Key Benefits of Quality Software Documentation

  1. Carefully documented project requirements help keep a project organized, on-budget, and on-time.  
  2. Quality documentation helps ensure that future development work can hit the ground running, ensuring your software product is a flexible long-term asset. 
  3. Good documentation facilitates an optimal handoff from the development team to the team who will be actively managing the application (whether it’s consumer-facing, B2B, or internal). 
  4. Selective, fit-for-purpose documentation preserves the flexibility of Agile development while ensuring changes stay tied to a plan that will ensure the fulfillment of core requirements. 

There’s no doubt that Agile is pushing away from a rigid focus on exhaustively documenting every feature and coding decision. And, to reflect the dynamism of Agile development, modern documentation practices need to be adaptable on the fly. 

But the ultimate need for quality documentation hasn’t gone anywhere. 

In this post, we break down software project documentation and provide some insight into adopting a value-driven approach. We start by identifying a few high-level categories of software documentation below. 
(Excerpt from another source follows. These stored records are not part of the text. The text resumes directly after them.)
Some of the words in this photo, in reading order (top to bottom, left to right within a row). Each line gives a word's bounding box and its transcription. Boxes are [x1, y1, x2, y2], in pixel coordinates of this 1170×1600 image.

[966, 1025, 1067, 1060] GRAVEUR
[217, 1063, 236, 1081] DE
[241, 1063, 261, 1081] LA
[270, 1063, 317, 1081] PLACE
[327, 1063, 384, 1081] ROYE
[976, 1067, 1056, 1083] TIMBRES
Key Aspects of Project Documentation

  1. Requirements
  2. Architecture/Design
  3. Technical
  4. End-User
Software-Project-Documentation_Requirements

Software Development Documentation: Requirements

Well-documented requirements help ensure effective cooperation and clear communication as developers work to translate business requirements into technical specifications.  

Requirements should clearly define what needs to be done, alongside a reasonably precise understanding of what the completed task should look-like. A software requirements document should reflect both functional requirements and non-functional needs (like performance and failover capabilities). 
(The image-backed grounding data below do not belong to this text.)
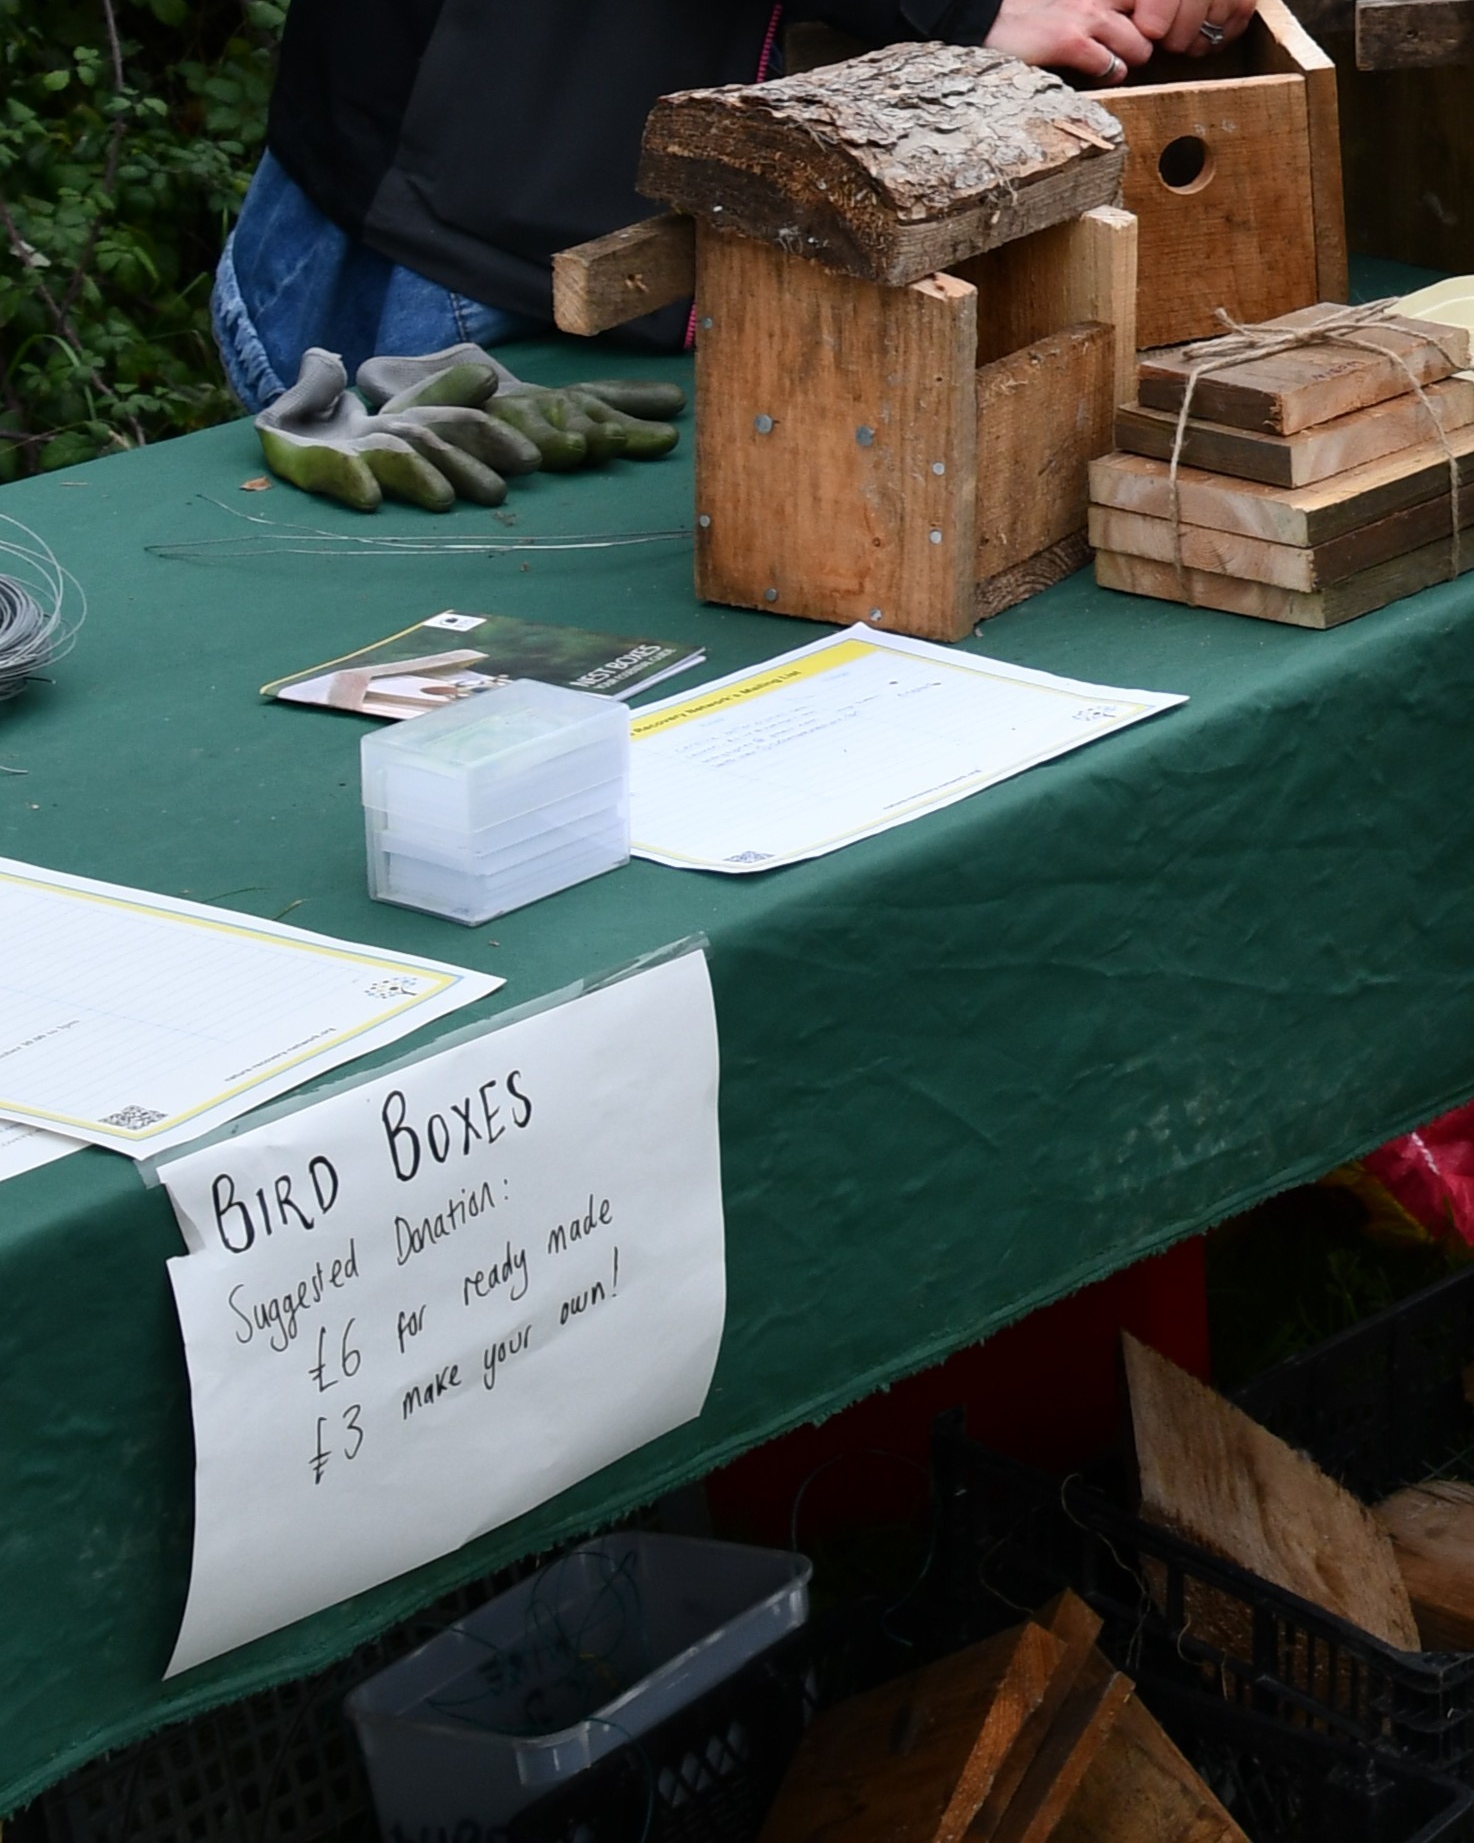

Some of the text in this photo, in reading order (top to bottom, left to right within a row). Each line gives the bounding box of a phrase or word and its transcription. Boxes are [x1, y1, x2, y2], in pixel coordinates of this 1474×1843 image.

[569, 644, 661, 687] NEST BOXES
[633, 712, 686, 734] Recovery
[740, 678, 783, 695] Mailing
[779, 670, 802, 680] List
[210, 1069, 533, 1255] BIRD BOXES
[228, 1178, 510, 1353] Suggested Donation:
[308, 1193, 614, 1393] £6 for ready made
[308, 1246, 620, 1485] £3 make your own!
In an Agile setting, requirements often originate as user stories. But the precise technical approach for supporting these user stories in the final software product may change over the course of the project.  

A flexible approach allows for quick and easy implementation changes during the product development process. Requirements documentation should never try to restrain this flexibility, only to make sure that this fast-of-pace of changes is well-tracked. 

Project managers play a key-role in ensuring that all stakeholders understand how changing requirements will affect the overall project. A flexible approach is great, but it can’t be allowed to push the app off-course from achieving its central goals (while staying on-time and on-budget). 

For outsourced development teams, the relationship between requirements changes and project scope will depend on the contract employed. If development is based on a fixed scope, requirement changes will need to be reflected in the SOW. For a time-and-materials contract, the Project Manager can focus on the practical impact of requirements changes: “we can add this feature,” for instance,” but it will require either three extra weeks, one extra developer, or shelving another feature for this iteration of the product.” 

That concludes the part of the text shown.